10.5.05

Os penachos que nobilitam

Já em tempos escrevi sobre a mania de pavonear o Dr. que há dentro de nós. Hoje vou estender o exercício para tentar perceber o que leva muitos dos meus colegas a ostentar a imponência do “Prof. Dr.”. Isto vem a propósito de algo de descobri nas páginas pessoais que os professores da universidade são convidados a inserir na Internet. A universidade fornece um guia que orienta, passo a passo, a construção da webpage. O primeiro campo que temos que preencher traz a seguinte informação: “nome, incluindo títulos honoríficos”.

Os coleguinhas que já cumpriram a tarefa não se coibiram de colocar o “Prof. Dr.” antes do nome (ou, nalguns casos, “PhD” à frente do nome; ou mesmo “Mestre”, para os que estão ainda no percurso que os há-de levar ao doutoramento). Não conseguindo resistir ao apelo de quem elaborou o guia de orientação da webpage, lá colocaram, com todo o garbo, o “título honorífico” que tanto os enobrece. Numa pesquisa rápida, a esmagadora maioria dos doutorados com página pessoal apresenta-se como “Prof. Dr.”. A proporção anda à volta dos 75%.

No afã de mostrar a vaidade de quem possui o título académico que, para consumo doméstico, é em muitos casos o apogeu da carreira (enquanto em Inglaterra, o expoente do meio universitário, o doutoramento apenas marca o início da carreira), há casos absurdos. Como o desta colega, que nem sequer se apercebeu que antes do seu nome aparece um patético “Professora Doutoura” (sic)! Será uma “douta toura”? Já não bastava a ousadia de colocar o título por extenso, ignorando que a titulação está reservada aos que atingem o topo da carreira – os professores catedráticos (o que não é o caso desta recém-doutorada…). E depois há este caso, que teve a sensatez de escapar ao alçapão do título nobilitante antes do nome, mas borrou a pintura com a caricata fotografia que inseriu na página, com a ridícula toga que tresanda ao que de mais bafiento têm os rituais académicos. Não está lá o título, mas está a veste do lente que mostra toda a sua altivez e exibe a pose professoral de quem se apresenta…como “Prof. Dr.”!

Sei que um grau académico – qualquer que seja – exige sacrifícios pessoais. Um desafio, um cabo tormentoso que foi dobrado. Daí que certas pessoas gostem de ser reconhecidas pelo feito pessoal. Uma forma de insuflar as pequenas vaidades que fermentam o ego que se quer libertar das suas amarras.

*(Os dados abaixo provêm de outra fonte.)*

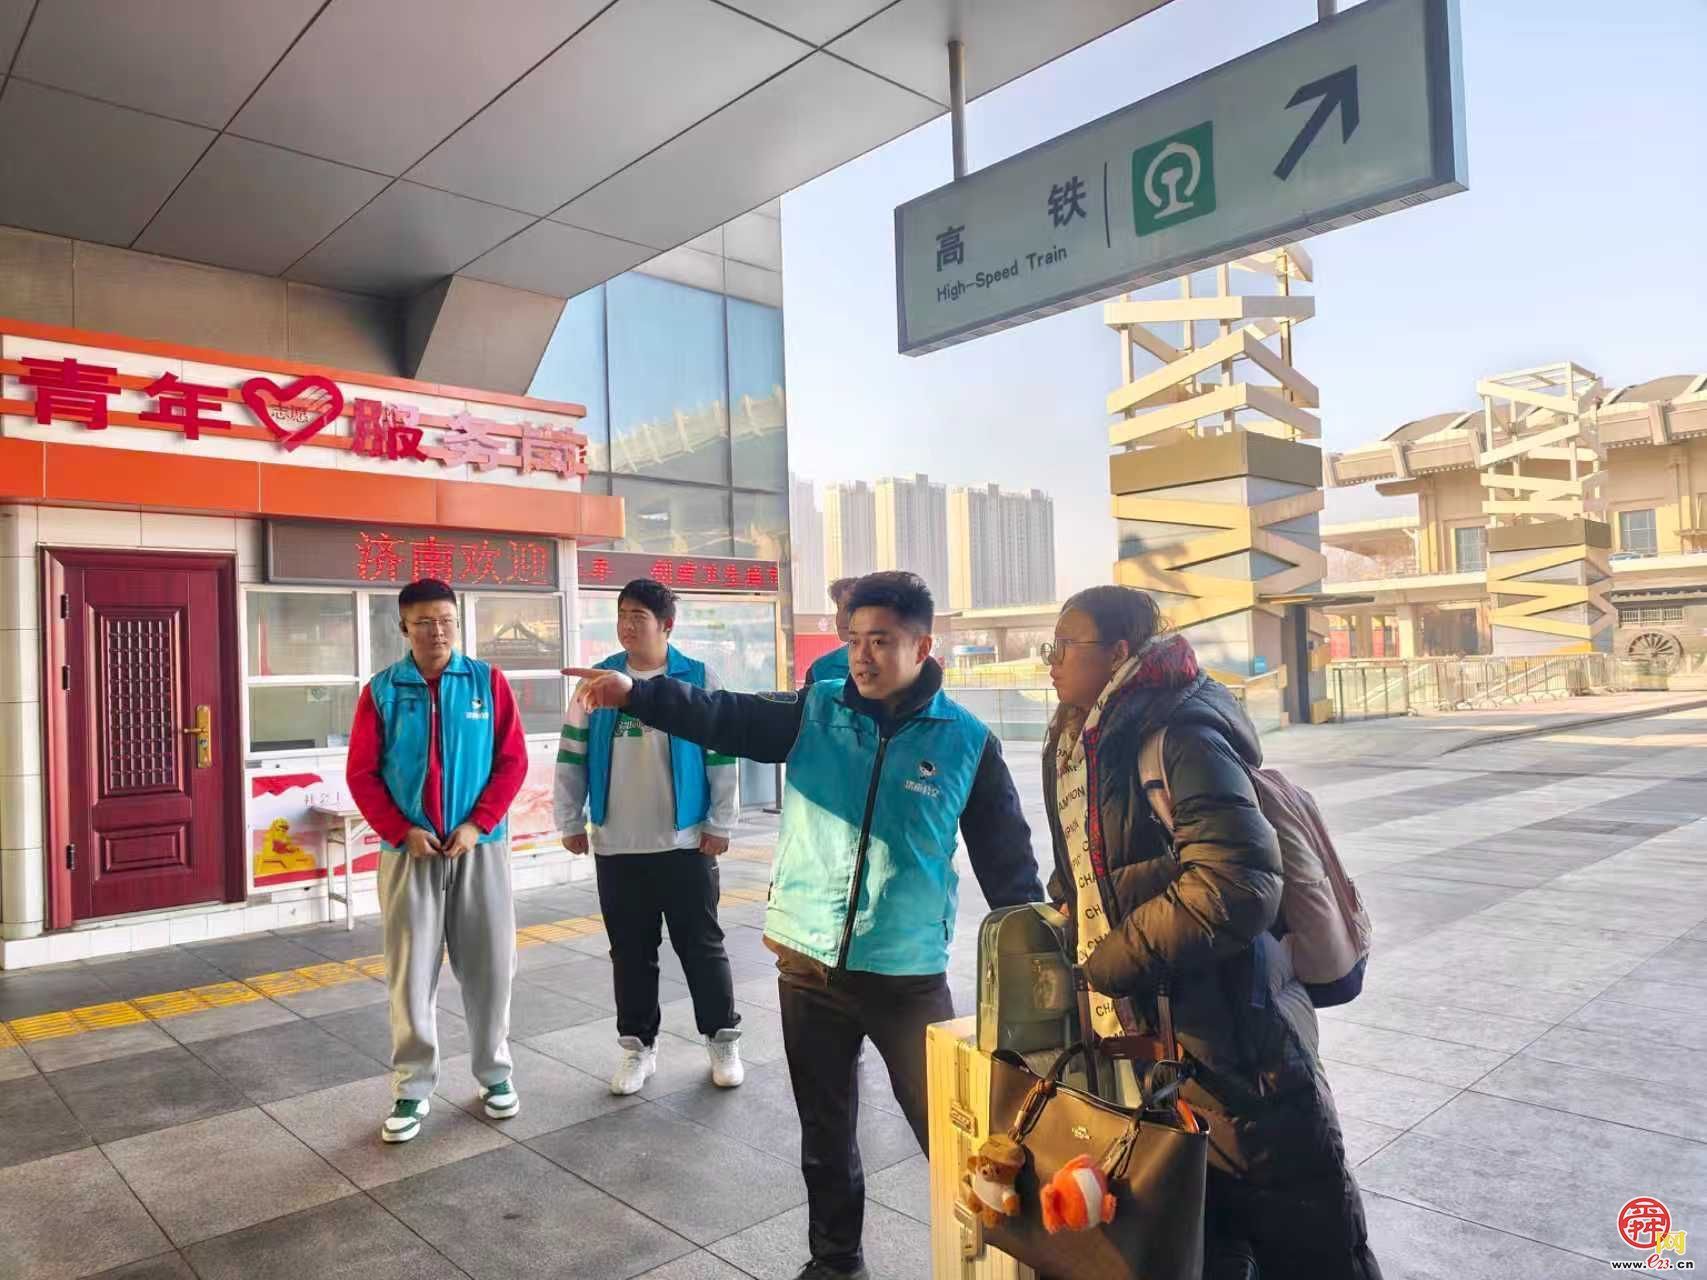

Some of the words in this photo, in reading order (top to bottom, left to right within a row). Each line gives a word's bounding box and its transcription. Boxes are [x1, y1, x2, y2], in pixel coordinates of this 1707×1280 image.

Sei que no mundo académico lusitano os seus intérpretes gostam de se esbofetear reciprocamente com os títulos que possuem. É um estranho ritual: as pessoas tratam-se por doutor, a deferência necessária e obrigatória para elevar o respeito mútuo ao altar que as pessoas do meio acham que merecem. Sem darem conta do ridículo em que se embrulham.

O provincianismo luso encontra terreno fértil nesta mania a que os académicos se entregam. No estrangeiro, as pessoas do meio académico colocam os títulos de lado e insistem num tratamento informal (falo pelo país que melhor conheço, o Reino Unido; ou pelo ambiente dos congressos em que tenho participado em diversos países. No entanto, a veia nobilitante dos títulos também é dominante na Alemanha e em Espanha, por exemplo).

Contam-me histórias de colegas que ao chegarem ao patamar de “Prof. Dr.” exigem tratamento adequado dos funcionários administrativos. Como se tivessem a necessidade de se lembrarem a si mesmos, a toda a hora, que o são. Parece que têm dúvidas do mérito da façanha que foi (para eles) chegar aos píncaros de um doutoramento. Eis outra dimensão do nosso provincianismo: de como vemos no grau o púlpito de um trajecto, como se mais nada houvesse para conquistar. Enquistam-se à sombra do penacho adquirido, muitas vezes ao fim de uma interminável maratona. Como se fazer um doutoramento fosse uma tarefa homérica.

As falsas modéstias são, muitas vezes, a maior forma de vaidade. Nada disto conflitua com a discrição de uns poucos, que querem antagonizar com os exageros que muitos cometem quando acenam com vigor o título adquirido. Na estranheza do título anteceder o nome, como se houvesse uma alteração da identidade da pessoa. Fica a proposta, para dar cumprimento às vaidades ocas que por aí andam à solta: porque não exigir da burocracia que nos asfixia que os títulos surjam no bilhete de identidade? Se muitos insistem em dar-se a conhecer como “Prof. Dr.” (seguido do nome), obrigue-se o registo civil a averbar essas alterações no nome de quem as gosta de ostentar.